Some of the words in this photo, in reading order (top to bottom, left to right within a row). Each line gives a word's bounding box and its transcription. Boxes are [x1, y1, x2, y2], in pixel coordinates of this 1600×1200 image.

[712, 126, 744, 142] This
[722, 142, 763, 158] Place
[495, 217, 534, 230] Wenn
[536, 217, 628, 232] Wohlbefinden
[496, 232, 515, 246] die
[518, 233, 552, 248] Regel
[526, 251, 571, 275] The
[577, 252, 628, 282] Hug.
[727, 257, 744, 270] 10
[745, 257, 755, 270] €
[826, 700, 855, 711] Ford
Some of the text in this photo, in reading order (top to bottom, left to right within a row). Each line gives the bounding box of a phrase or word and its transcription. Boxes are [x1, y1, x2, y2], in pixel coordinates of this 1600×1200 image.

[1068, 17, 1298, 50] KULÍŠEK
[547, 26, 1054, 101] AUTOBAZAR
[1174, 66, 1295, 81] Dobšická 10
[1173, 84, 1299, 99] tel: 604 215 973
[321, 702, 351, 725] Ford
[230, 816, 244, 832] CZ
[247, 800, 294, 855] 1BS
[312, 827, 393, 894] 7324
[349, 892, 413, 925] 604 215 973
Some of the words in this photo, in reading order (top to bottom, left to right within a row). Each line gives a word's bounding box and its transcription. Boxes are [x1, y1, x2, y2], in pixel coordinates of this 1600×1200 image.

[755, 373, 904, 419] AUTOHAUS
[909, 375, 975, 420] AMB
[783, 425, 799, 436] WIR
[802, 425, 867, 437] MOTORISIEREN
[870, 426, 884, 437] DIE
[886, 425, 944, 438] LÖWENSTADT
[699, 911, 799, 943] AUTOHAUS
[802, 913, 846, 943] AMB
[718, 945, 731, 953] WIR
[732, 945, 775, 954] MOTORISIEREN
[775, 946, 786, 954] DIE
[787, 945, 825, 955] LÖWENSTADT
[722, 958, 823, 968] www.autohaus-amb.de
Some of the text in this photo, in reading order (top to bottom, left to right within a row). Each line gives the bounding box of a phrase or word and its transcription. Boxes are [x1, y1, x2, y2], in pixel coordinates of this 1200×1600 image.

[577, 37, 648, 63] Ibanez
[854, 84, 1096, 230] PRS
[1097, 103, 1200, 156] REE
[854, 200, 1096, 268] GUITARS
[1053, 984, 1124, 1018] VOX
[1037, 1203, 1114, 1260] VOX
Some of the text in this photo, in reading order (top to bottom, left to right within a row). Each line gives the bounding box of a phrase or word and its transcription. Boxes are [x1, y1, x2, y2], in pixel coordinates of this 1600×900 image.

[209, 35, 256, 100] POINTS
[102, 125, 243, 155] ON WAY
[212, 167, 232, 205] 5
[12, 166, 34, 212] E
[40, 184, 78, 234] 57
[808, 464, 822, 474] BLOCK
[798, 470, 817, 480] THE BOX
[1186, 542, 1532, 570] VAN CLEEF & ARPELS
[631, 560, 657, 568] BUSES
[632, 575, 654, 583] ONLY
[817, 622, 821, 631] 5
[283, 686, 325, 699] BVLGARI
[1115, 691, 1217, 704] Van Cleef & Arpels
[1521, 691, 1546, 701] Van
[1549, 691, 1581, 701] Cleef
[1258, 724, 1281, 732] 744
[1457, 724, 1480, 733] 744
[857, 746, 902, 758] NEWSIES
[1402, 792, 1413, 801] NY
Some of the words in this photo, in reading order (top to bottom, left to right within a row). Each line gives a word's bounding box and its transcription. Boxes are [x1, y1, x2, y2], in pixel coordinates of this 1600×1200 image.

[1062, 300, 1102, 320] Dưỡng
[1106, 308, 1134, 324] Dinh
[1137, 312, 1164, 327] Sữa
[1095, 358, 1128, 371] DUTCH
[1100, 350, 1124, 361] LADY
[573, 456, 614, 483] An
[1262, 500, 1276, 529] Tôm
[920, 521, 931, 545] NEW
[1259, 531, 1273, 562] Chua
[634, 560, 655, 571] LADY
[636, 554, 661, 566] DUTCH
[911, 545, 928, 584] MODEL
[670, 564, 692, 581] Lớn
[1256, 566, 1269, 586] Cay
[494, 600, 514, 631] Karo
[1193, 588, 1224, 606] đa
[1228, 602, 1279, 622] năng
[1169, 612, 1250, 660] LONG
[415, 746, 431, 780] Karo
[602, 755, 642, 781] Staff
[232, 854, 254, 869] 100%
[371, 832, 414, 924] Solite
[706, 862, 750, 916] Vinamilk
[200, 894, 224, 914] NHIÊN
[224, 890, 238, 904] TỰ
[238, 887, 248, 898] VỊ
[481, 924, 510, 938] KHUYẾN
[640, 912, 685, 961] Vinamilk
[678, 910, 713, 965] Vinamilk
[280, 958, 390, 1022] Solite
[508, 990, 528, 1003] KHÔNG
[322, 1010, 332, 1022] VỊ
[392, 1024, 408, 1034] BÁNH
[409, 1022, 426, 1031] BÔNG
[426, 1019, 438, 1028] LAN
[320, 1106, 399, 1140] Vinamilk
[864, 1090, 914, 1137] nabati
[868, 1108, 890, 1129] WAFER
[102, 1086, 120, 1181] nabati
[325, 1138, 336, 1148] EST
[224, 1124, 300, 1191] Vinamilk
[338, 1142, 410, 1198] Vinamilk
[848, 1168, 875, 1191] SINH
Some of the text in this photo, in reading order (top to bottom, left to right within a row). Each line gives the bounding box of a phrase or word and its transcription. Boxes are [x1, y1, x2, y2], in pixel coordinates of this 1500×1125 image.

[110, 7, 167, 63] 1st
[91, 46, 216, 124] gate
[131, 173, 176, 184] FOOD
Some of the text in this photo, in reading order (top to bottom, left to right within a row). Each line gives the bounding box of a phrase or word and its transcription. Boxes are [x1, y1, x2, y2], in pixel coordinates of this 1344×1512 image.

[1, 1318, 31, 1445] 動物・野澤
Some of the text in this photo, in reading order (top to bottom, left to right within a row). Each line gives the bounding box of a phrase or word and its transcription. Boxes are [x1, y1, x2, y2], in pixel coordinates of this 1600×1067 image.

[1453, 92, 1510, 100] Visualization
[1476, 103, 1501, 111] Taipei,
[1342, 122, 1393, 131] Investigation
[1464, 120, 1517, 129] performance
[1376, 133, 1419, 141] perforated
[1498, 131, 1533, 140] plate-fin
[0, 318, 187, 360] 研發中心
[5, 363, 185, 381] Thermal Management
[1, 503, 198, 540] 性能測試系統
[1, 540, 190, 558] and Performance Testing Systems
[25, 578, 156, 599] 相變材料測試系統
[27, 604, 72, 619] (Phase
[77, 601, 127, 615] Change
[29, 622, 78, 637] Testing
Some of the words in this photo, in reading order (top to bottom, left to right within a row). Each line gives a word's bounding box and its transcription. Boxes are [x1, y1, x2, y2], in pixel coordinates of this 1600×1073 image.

:: What is expected ::
All of the material above should be restated verbatim.

:: Expected answer ::
Some of the words in this photo, in reading order (top to bottom, left to right within a row). Each line gives a word's bounding box and its transcription. Boxes are [x1, y1, x2, y2], in pixel coordinates of this 1600×1200 image.

[712, 126, 744, 142] This
[722, 142, 763, 158] Place
[495, 217, 534, 230] Wenn
[536, 217, 628, 232] Wohlbefinden
[496, 232, 515, 246] die
[518, 233, 552, 248] Regel
[526, 251, 571, 275] The
[577, 252, 628, 282] Hug.
[727, 257, 744, 270] 10
[745, 257, 755, 270] €
[826, 700, 855, 711] Ford
Some of the text in this photo, in reading order (top to bottom, left to right within a row). Each line gives the bounding box of a phrase or word and its transcription. Boxes are [x1, y1, x2, y2], in pixel coordinates of this 1600×1200 image.

[1068, 17, 1298, 50] KULÍŠEK
[547, 26, 1054, 101] AUTOBAZAR
[1174, 66, 1295, 81] Dobšická 10
[1173, 84, 1299, 99] tel: 604 215 973
[321, 702, 351, 725] Ford
[230, 816, 244, 832] CZ
[247, 800, 294, 855] 1BS
[312, 827, 393, 894] 7324
[349, 892, 413, 925] 604 215 973
Some of the words in this photo, in reading order (top to bottom, left to right within a row). Each line gives a word's bounding box and its transcription. Boxes are [x1, y1, x2, y2], in pixel coordinates of this 1600×1200 image.

[755, 373, 904, 419] AUTOHAUS
[909, 375, 975, 420] AMB
[783, 425, 799, 436] WIR
[802, 425, 867, 437] MOTORISIEREN
[870, 426, 884, 437] DIE
[886, 425, 944, 438] LÖWENSTADT
[699, 911, 799, 943] AUTOHAUS
[802, 913, 846, 943] AMB
[718, 945, 731, 953] WIR
[732, 945, 775, 954] MOTORISIEREN
[775, 946, 786, 954] DIE
[787, 945, 825, 955] LÖWENSTADT
[722, 958, 823, 968] www.autohaus-amb.de
Some of the text in this photo, in reading order (top to bottom, left to right within a row). Each line gives the bounding box of a phrase or word and its transcription. Boxes are [x1, y1, x2, y2], in pixel coordinates of this 1200×1600 image.

[577, 37, 648, 63] Ibanez
[854, 84, 1096, 230] PRS
[1097, 103, 1200, 156] REE
[854, 200, 1096, 268] GUITARS
[1053, 984, 1124, 1018] VOX
[1037, 1203, 1114, 1260] VOX
Some of the text in this photo, in reading order (top to bottom, left to right within a row). Each line gives the bounding box of a phrase or word and its transcription. Boxes are [x1, y1, x2, y2], in pixel coordinates of this 1600×900 image.

[209, 35, 256, 100] POINTS
[102, 125, 243, 155] ON WAY
[212, 167, 232, 205] 5
[12, 166, 34, 212] E
[40, 184, 78, 234] 57
[808, 464, 822, 474] BLOCK
[798, 470, 817, 480] THE BOX
[1186, 542, 1532, 570] VAN CLEEF & ARPELS
[631, 560, 657, 568] BUSES
[632, 575, 654, 583] ONLY
[817, 622, 821, 631] 5
[283, 686, 325, 699] BVLGARI
[1115, 691, 1217, 704] Van Cleef & Arpels
[1521, 691, 1546, 701] Van
[1549, 691, 1581, 701] Cleef
[1258, 724, 1281, 732] 744
[1457, 724, 1480, 733] 744
[857, 746, 902, 758] NEWSIES
[1402, 792, 1413, 801] NY
Some of the words in this photo, in reading order (top to bottom, left to right within a row). Each line gives a word's bounding box and its transcription. Boxes are [x1, y1, x2, y2], in pixel coordinates of this 1600×1200 image.

[1062, 300, 1102, 320] Dưỡng
[1106, 308, 1134, 324] Dinh
[1137, 312, 1164, 327] Sữa
[1095, 358, 1128, 371] DUTCH
[1100, 350, 1124, 361] LADY
[573, 456, 614, 483] An
[1262, 500, 1276, 529] Tôm
[920, 521, 931, 545] NEW
[1259, 531, 1273, 562] Chua
[634, 560, 655, 571] LADY
[636, 554, 661, 566] DUTCH
[911, 545, 928, 584] MODEL
[670, 564, 692, 581] Lớn
[1256, 566, 1269, 586] Cay
[494, 600, 514, 631] Karo
[1193, 588, 1224, 606] đa
[1228, 602, 1279, 622] năng
[1169, 612, 1250, 660] LONG
[415, 746, 431, 780] Karo
[602, 755, 642, 781] Staff
[232, 854, 254, 869] 100%
[371, 832, 414, 924] Solite
[706, 862, 750, 916] Vinamilk
[200, 894, 224, 914] NHIÊN
[224, 890, 238, 904] TỰ
[238, 887, 248, 898] VỊ
[481, 924, 510, 938] KHUYẾN
[640, 912, 685, 961] Vinamilk
[678, 910, 713, 965] Vinamilk
[280, 958, 390, 1022] Solite
[508, 990, 528, 1003] KHÔNG
[322, 1010, 332, 1022] VỊ
[392, 1024, 408, 1034] BÁNH
[409, 1022, 426, 1031] BÔNG
[426, 1019, 438, 1028] LAN
[320, 1106, 399, 1140] Vinamilk
[864, 1090, 914, 1137] nabati
[868, 1108, 890, 1129] WAFER
[102, 1086, 120, 1181] nabati
[325, 1138, 336, 1148] EST
[224, 1124, 300, 1191] Vinamilk
[338, 1142, 410, 1198] Vinamilk
[848, 1168, 875, 1191] SINH
Some of the text in this photo, in reading order (top to bottom, left to right within a row). Each line gives the bounding box of a phrase or word and its transcription. Boxes are [x1, y1, x2, y2], in pixel coordinates of this 1500×1125 image.

[110, 7, 167, 63] 1st
[91, 46, 216, 124] gate
[131, 173, 176, 184] FOOD
Some of the text in this photo, in reading order (top to bottom, left to right within a row). Each line gives the bounding box of a phrase or word and its transcription. Boxes are [x1, y1, x2, y2], in pixel coordinates of this 1344×1512 image.

[1, 1318, 31, 1445] 動物・野澤
Some of the text in this photo, in reading order (top to bottom, left to right within a row). Each line gives the bounding box of a phrase or word and its transcription. Boxes are [x1, y1, x2, y2], in pixel coordinates of this 1600×1067 image.

[1453, 92, 1510, 100] Visualization
[1476, 103, 1501, 111] Taipei,
[1342, 122, 1393, 131] Investigation
[1464, 120, 1517, 129] performance
[1376, 133, 1419, 141] perforated
[1498, 131, 1533, 140] plate-fin
[0, 318, 187, 360] 研發中心
[5, 363, 185, 381] Thermal Management
[1, 503, 198, 540] 性能測試系統
[1, 540, 190, 558] and Performance Testing Systems
[25, 578, 156, 599] 相變材料測試系統
[27, 604, 72, 619] (Phase
[77, 601, 127, 615] Change
[29, 622, 78, 637] Testing
Some of the words in this photo, in reading order (top to bottom, left to right within a row). Each line gives a word's bounding box and its transcription. Boxes are [x1, y1, x2, y2], in pixel coordinates of this 1600×1073 image.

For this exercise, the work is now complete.